So this, chez Salut!, is the pièce de résistance.
Looks and is great, with plenty of space to relax, entertain and take in the striking city view. But we are about to discover how resistant our pièce is to the Abu Dhabi summer.
For weeks, people have been warning that the balcony, the feature that makes a tiny flat seem spacious (it was marketed as two-bedroomed, but is actually nothing of the sort), will soon be out of bounds.
Beneath the heat of the day, with temperatures edging upwards of 40 degrees, it is already difficult to stay out much longer than it takes to water Mme Salut's attempts to relocate the Royal Botanic Gardens somewhere east of Kew.
But at night, and especially during the early evening, it remains usable. And I suspect it will continue to be pleasant enough to sit out and eat an evening meal for a few more weeks to come, before it gets really hot and humid.
The last time I bought fans was during a heatwave in London in, I think, 2003. After a fortnight of sticky, oppressive nights - one colleague whose flat had access to the roof was using it to sleep on - I paid good money for the last two fans available in the nearest departmental store. I had just enough time to get them home before the weather changed completely, and they were barely used until they were exported to the south of France.
Here, I have drawn the line at those monsters you see in one or two shops, enormous fans that blast out a gale and blow a huge hole in the bank balance.

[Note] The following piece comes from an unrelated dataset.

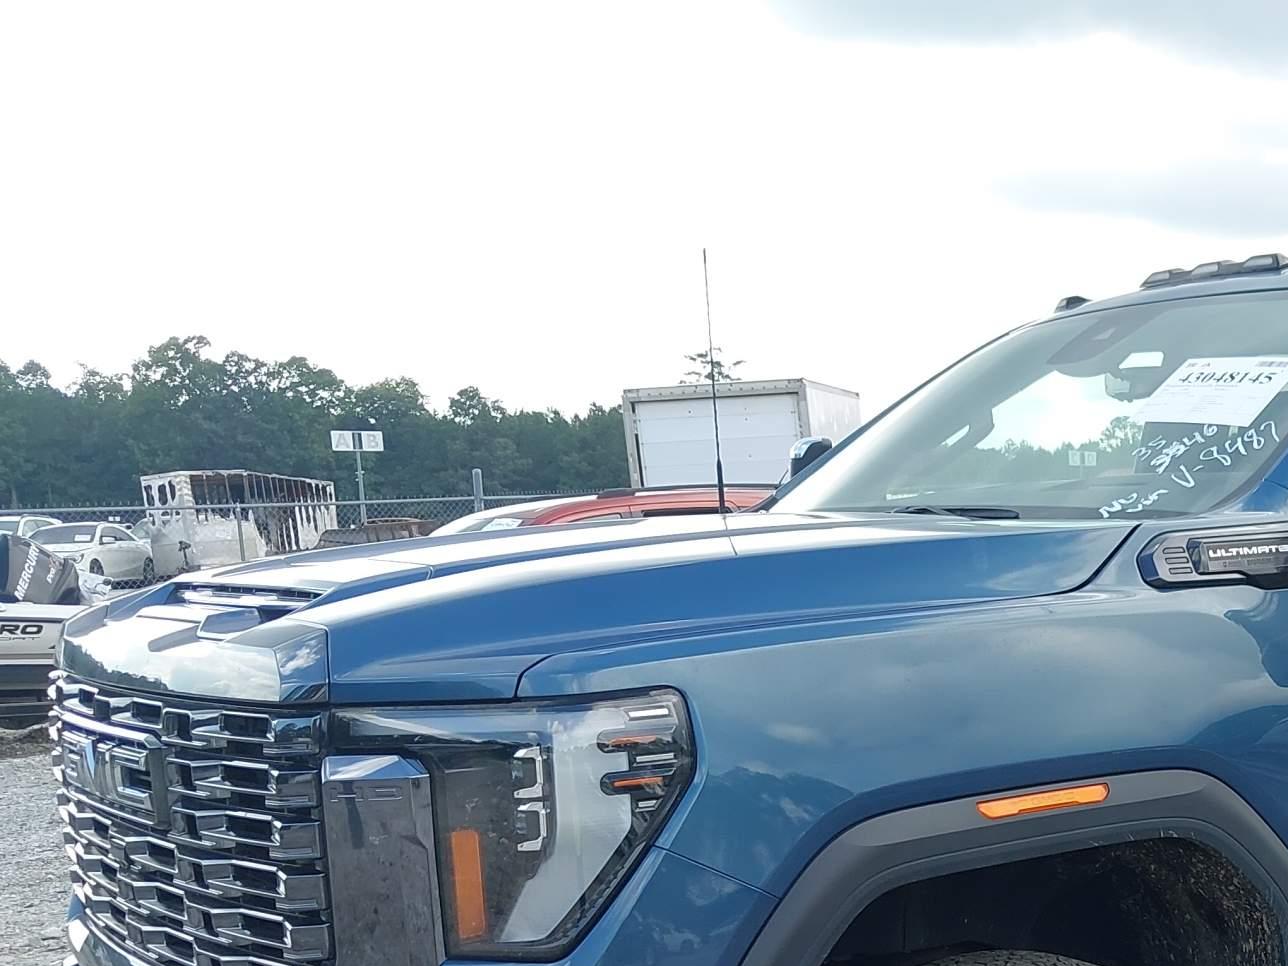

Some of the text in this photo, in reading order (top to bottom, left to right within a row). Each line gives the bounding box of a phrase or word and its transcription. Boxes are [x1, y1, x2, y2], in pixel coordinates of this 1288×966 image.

[1178, 371, 1279, 385] 43048145
[335, 433, 350, 449] A
[366, 433, 379, 449] B

But I have bought a couple of smaller ones again, confident this time that the only change in temperature and air quality will make them more, not less useful (provided I don't leave them out in the sun, where they will surely fry).
Seasoned expats around the world will know better, but my own guess is that the balcony will seem a welcome haven for another month or so, and may still be OK most evenings for a little while after that. And then we need only wait patiently for October, from when it should be bliss.
And in the meantime, there's that forthcoming sojourn in chillier climes. Even the Var may seem on the fresh side after here, but there are cooler places to visit first:
* London, where one friend says the weather has been splendid ever since Boris was elected (by way of balance, another friend threatened not to set foot in the capital again until he was thrown out of office)
* Middlesbrough, which I am sure will be Middlesbrough
* Gothenburg, where I will be too busy representing Abu Dhabi's new daily at an international newspaper conference to worry about how cold Scandinavia is in June.